EGEE 439
Alternative Fuels from Biomass Sources

5.3 Enzymatic Biochemistry and Processing

5.3 Enzymatic Biochemistry and Processing

Starches are broken down by enzymes known as amylases; our saliva contains amylase, so this is how starches begin to be broken down in our body. Amylases have also been isolated and used to depolymerize starch for making alcohol, i.e., yeast for bread making and for alcohol manufacturing. Chemically, the amylase breaks the carbon-oxygen linkage on the chains (α-1,4-glucosidic bond and the α-1,6-glucosidic bond), which is known as hydrolysis.
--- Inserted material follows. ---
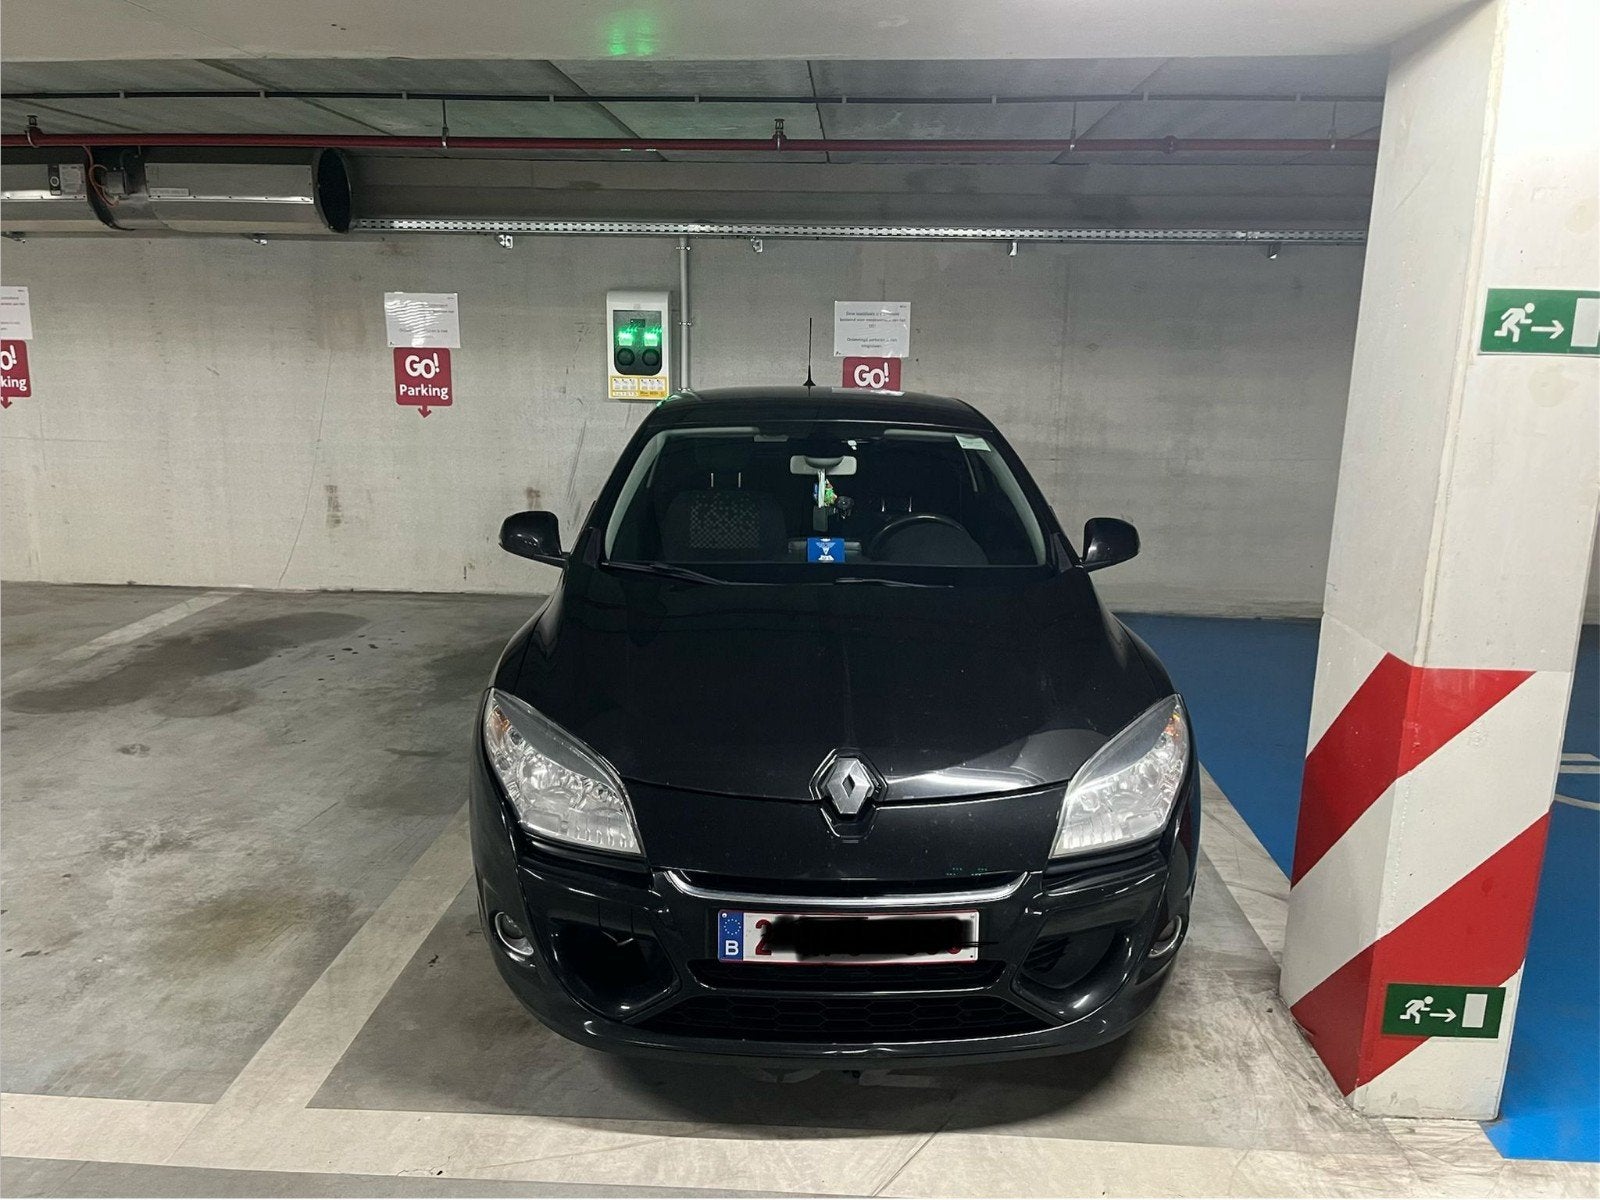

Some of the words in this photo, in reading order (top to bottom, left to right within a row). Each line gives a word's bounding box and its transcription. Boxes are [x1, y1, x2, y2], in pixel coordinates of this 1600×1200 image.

Once the glucose is formed, then fermentation can take place to break the glucose down into alcohols and CO2. The amylases were isolated and the hydrolysis of glucose began to be understood in the 1800s.

However, recall that cellulose linkages are β-1.4-glucosidic bonds. These bonds are much more difficult to break, and due to cellulose crystallinity, breaking cellulose down into glucose is even more difficult. It was only during WWII that enzymatic hydrolysis of cellulose was discovered. Instead of enzymes called amylases, the enzymes that degrade cellulose are called cellulases.

Cellulases are not a single enzyme. There are two main approaches to biological cellulose depolymerization: complexed and non-complexed systems. Each cellulase enzyme is composed of three main parts, and there are multiple synergies between enzymes.